---------- Material for the task
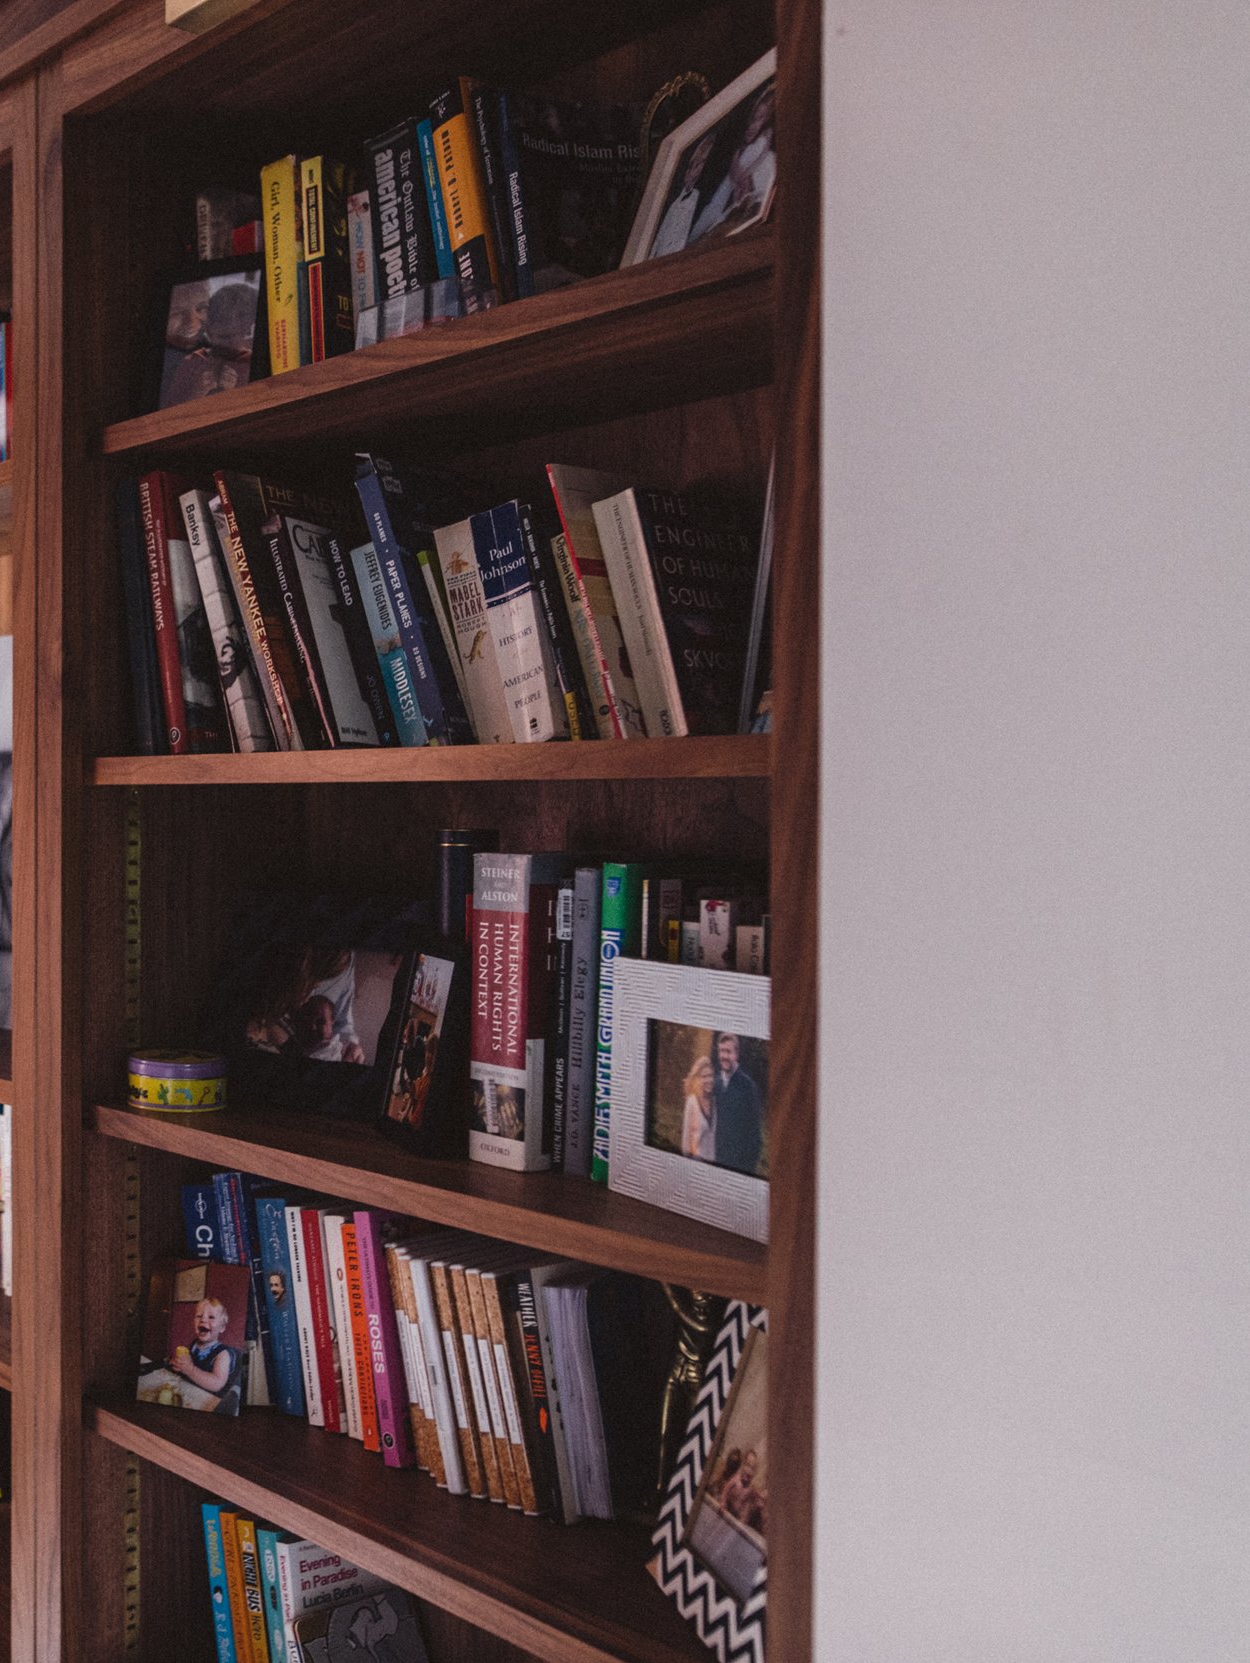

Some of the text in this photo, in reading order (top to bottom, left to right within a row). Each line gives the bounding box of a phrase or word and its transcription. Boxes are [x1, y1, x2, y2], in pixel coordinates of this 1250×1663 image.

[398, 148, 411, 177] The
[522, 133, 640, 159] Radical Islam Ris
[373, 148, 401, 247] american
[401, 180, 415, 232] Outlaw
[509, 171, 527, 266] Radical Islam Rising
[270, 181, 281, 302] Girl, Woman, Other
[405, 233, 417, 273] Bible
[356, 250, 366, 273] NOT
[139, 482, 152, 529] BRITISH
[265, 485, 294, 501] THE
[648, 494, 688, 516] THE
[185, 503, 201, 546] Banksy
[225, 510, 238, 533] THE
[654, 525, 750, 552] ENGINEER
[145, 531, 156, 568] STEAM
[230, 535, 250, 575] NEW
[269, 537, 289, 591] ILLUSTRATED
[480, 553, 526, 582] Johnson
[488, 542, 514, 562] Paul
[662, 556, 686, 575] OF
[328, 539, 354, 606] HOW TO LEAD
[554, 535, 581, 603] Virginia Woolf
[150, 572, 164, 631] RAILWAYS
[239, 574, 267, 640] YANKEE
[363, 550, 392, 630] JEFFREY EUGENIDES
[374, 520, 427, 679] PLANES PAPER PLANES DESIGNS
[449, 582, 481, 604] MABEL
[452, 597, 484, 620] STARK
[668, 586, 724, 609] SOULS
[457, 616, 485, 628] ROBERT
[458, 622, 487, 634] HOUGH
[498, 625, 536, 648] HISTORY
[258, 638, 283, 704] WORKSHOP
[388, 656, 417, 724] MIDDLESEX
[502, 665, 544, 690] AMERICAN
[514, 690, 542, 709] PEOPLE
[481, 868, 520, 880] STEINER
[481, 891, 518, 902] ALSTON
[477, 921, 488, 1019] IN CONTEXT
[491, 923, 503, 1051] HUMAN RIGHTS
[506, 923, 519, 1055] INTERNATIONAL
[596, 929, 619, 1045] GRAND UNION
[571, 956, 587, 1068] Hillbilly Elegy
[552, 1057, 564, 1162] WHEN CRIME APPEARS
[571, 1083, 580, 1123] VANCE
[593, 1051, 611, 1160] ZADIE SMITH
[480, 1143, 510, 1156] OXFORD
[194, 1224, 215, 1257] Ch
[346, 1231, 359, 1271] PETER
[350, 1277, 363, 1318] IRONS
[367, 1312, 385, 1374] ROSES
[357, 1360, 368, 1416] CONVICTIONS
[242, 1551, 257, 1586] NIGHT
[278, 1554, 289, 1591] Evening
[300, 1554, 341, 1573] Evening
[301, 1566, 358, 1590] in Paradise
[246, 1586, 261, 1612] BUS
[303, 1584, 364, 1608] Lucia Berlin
--------------------
Whenever the string "Islam" shows up in a line of the records, copy that line.

Exercise solution:
[522, 133, 640, 159] Radical Islam Ris
[509, 171, 527, 266] Radical Islam Rising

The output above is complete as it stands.